== EXERCISE ==
Reprint the listing. Every line must match the original exactly.
══ AVAILABLE DATA
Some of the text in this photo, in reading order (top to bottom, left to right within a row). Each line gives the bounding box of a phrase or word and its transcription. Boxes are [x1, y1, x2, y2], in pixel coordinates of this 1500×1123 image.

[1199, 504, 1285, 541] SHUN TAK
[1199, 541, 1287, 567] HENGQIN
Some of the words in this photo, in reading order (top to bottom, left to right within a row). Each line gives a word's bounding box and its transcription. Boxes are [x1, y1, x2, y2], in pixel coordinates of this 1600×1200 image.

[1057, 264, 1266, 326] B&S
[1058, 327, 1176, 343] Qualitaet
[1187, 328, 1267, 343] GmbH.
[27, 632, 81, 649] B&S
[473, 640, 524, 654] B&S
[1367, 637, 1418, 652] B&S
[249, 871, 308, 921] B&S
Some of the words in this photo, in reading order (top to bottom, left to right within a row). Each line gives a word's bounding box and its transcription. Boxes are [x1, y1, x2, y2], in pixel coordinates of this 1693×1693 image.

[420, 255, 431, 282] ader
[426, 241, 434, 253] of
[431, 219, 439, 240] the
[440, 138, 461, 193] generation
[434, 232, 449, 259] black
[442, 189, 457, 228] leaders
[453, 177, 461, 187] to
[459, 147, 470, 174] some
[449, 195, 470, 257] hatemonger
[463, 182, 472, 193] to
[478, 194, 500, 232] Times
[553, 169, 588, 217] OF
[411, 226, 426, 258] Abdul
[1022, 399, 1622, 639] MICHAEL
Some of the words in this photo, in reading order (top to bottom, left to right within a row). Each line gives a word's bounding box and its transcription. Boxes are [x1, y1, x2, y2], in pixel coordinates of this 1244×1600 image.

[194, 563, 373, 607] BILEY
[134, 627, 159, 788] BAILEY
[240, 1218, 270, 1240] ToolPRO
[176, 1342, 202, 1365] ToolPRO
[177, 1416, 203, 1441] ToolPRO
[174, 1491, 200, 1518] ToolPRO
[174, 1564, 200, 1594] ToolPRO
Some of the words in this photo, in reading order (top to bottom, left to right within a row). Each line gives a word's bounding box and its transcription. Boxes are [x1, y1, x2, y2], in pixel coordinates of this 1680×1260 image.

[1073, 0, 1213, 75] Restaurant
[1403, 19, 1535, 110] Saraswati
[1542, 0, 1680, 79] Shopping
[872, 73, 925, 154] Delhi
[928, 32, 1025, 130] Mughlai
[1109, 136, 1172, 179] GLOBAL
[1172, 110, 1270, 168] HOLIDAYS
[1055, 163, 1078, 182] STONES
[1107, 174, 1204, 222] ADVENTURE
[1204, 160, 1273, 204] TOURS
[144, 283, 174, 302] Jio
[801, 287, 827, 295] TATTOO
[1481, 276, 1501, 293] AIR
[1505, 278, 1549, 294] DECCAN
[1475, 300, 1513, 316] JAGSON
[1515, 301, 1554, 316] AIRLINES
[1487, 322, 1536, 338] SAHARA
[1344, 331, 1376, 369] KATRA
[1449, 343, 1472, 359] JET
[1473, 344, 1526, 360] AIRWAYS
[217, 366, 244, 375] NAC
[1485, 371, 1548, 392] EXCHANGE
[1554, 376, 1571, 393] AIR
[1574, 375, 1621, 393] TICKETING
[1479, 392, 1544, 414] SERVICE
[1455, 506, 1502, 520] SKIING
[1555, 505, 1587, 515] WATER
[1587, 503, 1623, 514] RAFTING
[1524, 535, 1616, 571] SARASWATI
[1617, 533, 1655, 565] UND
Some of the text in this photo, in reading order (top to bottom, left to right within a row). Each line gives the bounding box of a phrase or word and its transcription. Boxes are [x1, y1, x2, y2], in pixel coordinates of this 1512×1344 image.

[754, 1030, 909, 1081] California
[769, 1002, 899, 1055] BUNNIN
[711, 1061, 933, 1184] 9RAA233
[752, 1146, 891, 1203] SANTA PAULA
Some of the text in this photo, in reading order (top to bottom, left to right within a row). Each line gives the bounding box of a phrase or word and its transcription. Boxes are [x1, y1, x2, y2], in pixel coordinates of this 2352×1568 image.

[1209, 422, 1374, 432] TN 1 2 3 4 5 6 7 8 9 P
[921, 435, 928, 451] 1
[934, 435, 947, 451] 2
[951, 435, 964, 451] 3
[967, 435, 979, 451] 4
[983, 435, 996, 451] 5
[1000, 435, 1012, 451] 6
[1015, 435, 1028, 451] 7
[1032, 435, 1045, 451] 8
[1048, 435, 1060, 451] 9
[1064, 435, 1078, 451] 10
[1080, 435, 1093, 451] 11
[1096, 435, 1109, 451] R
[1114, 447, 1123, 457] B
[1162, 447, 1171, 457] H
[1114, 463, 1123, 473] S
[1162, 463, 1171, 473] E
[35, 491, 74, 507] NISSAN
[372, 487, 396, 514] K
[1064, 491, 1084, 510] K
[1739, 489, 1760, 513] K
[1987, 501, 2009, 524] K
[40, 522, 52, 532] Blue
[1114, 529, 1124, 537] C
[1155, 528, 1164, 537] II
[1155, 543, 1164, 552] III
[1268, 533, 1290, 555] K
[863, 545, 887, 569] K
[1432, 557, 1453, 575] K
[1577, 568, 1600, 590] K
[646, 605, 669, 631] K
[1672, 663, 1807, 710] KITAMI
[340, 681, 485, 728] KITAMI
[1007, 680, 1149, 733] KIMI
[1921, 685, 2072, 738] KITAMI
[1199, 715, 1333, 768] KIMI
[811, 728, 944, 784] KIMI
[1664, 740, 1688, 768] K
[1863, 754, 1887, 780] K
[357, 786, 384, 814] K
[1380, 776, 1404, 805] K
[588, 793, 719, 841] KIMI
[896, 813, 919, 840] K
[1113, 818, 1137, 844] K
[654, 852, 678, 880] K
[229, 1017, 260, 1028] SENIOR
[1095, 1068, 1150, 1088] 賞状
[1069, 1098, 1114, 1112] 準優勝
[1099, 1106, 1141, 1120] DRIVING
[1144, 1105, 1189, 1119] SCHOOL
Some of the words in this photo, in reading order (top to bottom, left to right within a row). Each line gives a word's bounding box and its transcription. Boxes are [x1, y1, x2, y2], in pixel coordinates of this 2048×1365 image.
════
== EXPECTED ANSWER ==
Some of the text in this photo, in reading order (top to bottom, left to right within a row). Each line gives the bounding box of a phrase or word and its transcription. Boxes are [x1, y1, x2, y2], in pixel coordinates of this 1500×1123 image.

[1199, 504, 1285, 541] SHUN TAK
[1199, 541, 1287, 567] HENGQIN
Some of the words in this photo, in reading order (top to bottom, left to right within a row). Each line gives a word's bounding box and its transcription. Boxes are [x1, y1, x2, y2], in pixel coordinates of this 1600×1200 image.

[1057, 264, 1266, 326] B&S
[1058, 327, 1176, 343] Qualitaet
[1187, 328, 1267, 343] GmbH.
[27, 632, 81, 649] B&S
[473, 640, 524, 654] B&S
[1367, 637, 1418, 652] B&S
[249, 871, 308, 921] B&S
Some of the words in this photo, in reading order (top to bottom, left to right within a row). Each line gives a word's bounding box and its transcription. Boxes are [x1, y1, x2, y2], in pixel coordinates of this 1693×1693 image.

[420, 255, 431, 282] ader
[426, 241, 434, 253] of
[431, 219, 439, 240] the
[440, 138, 461, 193] generation
[434, 232, 449, 259] black
[442, 189, 457, 228] leaders
[453, 177, 461, 187] to
[459, 147, 470, 174] some
[449, 195, 470, 257] hatemonger
[463, 182, 472, 193] to
[478, 194, 500, 232] Times
[553, 169, 588, 217] OF
[411, 226, 426, 258] Abdul
[1022, 399, 1622, 639] MICHAEL
Some of the words in this photo, in reading order (top to bottom, left to right within a row). Each line gives a word's bounding box and its transcription. Boxes are [x1, y1, x2, y2], in pixel coordinates of this 1244×1600 image.

[194, 563, 373, 607] BILEY
[134, 627, 159, 788] BAILEY
[240, 1218, 270, 1240] ToolPRO
[176, 1342, 202, 1365] ToolPRO
[177, 1416, 203, 1441] ToolPRO
[174, 1491, 200, 1518] ToolPRO
[174, 1564, 200, 1594] ToolPRO
Some of the words in this photo, in reading order (top to bottom, left to right within a row). Each line gives a word's bounding box and its transcription. Boxes are [x1, y1, x2, y2], in pixel coordinates of this 1680×1260 image.

[1073, 0, 1213, 75] Restaurant
[1403, 19, 1535, 110] Saraswati
[1542, 0, 1680, 79] Shopping
[872, 73, 925, 154] Delhi
[928, 32, 1025, 130] Mughlai
[1109, 136, 1172, 179] GLOBAL
[1172, 110, 1270, 168] HOLIDAYS
[1055, 163, 1078, 182] STONES
[1107, 174, 1204, 222] ADVENTURE
[1204, 160, 1273, 204] TOURS
[144, 283, 174, 302] Jio
[801, 287, 827, 295] TATTOO
[1481, 276, 1501, 293] AIR
[1505, 278, 1549, 294] DECCAN
[1475, 300, 1513, 316] JAGSON
[1515, 301, 1554, 316] AIRLINES
[1487, 322, 1536, 338] SAHARA
[1344, 331, 1376, 369] KATRA
[1449, 343, 1472, 359] JET
[1473, 344, 1526, 360] AIRWAYS
[217, 366, 244, 375] NAC
[1485, 371, 1548, 392] EXCHANGE
[1554, 376, 1571, 393] AIR
[1574, 375, 1621, 393] TICKETING
[1479, 392, 1544, 414] SERVICE
[1455, 506, 1502, 520] SKIING
[1555, 505, 1587, 515] WATER
[1587, 503, 1623, 514] RAFTING
[1524, 535, 1616, 571] SARASWATI
[1617, 533, 1655, 565] UND
Some of the text in this photo, in reading order (top to bottom, left to right within a row). Each line gives the bounding box of a phrase or word and its transcription. Boxes are [x1, y1, x2, y2], in pixel coordinates of this 1512×1344 image.

[754, 1030, 909, 1081] California
[769, 1002, 899, 1055] BUNNIN
[711, 1061, 933, 1184] 9RAA233
[752, 1146, 891, 1203] SANTA PAULA
Some of the text in this photo, in reading order (top to bottom, left to right within a row). Each line gives the bounding box of a phrase or word and its transcription. Boxes are [x1, y1, x2, y2], in pixel coordinates of this 2352×1568 image.

[1209, 422, 1374, 432] TN 1 2 3 4 5 6 7 8 9 P
[921, 435, 928, 451] 1
[934, 435, 947, 451] 2
[951, 435, 964, 451] 3
[967, 435, 979, 451] 4
[983, 435, 996, 451] 5
[1000, 435, 1012, 451] 6
[1015, 435, 1028, 451] 7
[1032, 435, 1045, 451] 8
[1048, 435, 1060, 451] 9
[1064, 435, 1078, 451] 10
[1080, 435, 1093, 451] 11
[1096, 435, 1109, 451] R
[1114, 447, 1123, 457] B
[1162, 447, 1171, 457] H
[1114, 463, 1123, 473] S
[1162, 463, 1171, 473] E
[35, 491, 74, 507] NISSAN
[372, 487, 396, 514] K
[1064, 491, 1084, 510] K
[1739, 489, 1760, 513] K
[1987, 501, 2009, 524] K
[40, 522, 52, 532] Blue
[1114, 529, 1124, 537] C
[1155, 528, 1164, 537] II
[1155, 543, 1164, 552] III
[1268, 533, 1290, 555] K
[863, 545, 887, 569] K
[1432, 557, 1453, 575] K
[1577, 568, 1600, 590] K
[646, 605, 669, 631] K
[1672, 663, 1807, 710] KITAMI
[340, 681, 485, 728] KITAMI
[1007, 680, 1149, 733] KIMI
[1921, 685, 2072, 738] KITAMI
[1199, 715, 1333, 768] KIMI
[811, 728, 944, 784] KIMI
[1664, 740, 1688, 768] K
[1863, 754, 1887, 780] K
[357, 786, 384, 814] K
[1380, 776, 1404, 805] K
[588, 793, 719, 841] KIMI
[896, 813, 919, 840] K
[1113, 818, 1137, 844] K
[654, 852, 678, 880] K
[229, 1017, 260, 1028] SENIOR
[1095, 1068, 1150, 1088] 賞状
[1069, 1098, 1114, 1112] 準優勝
[1099, 1106, 1141, 1120] DRIVING
[1144, 1105, 1189, 1119] SCHOOL
Some of the words in this photo, in reading order (top to bottom, left to right within a row). Each line gives a word's bounding box and its transcription. Boxes are [x1, y1, x2, y2], in pixel coordinates of this 2048×1365 image.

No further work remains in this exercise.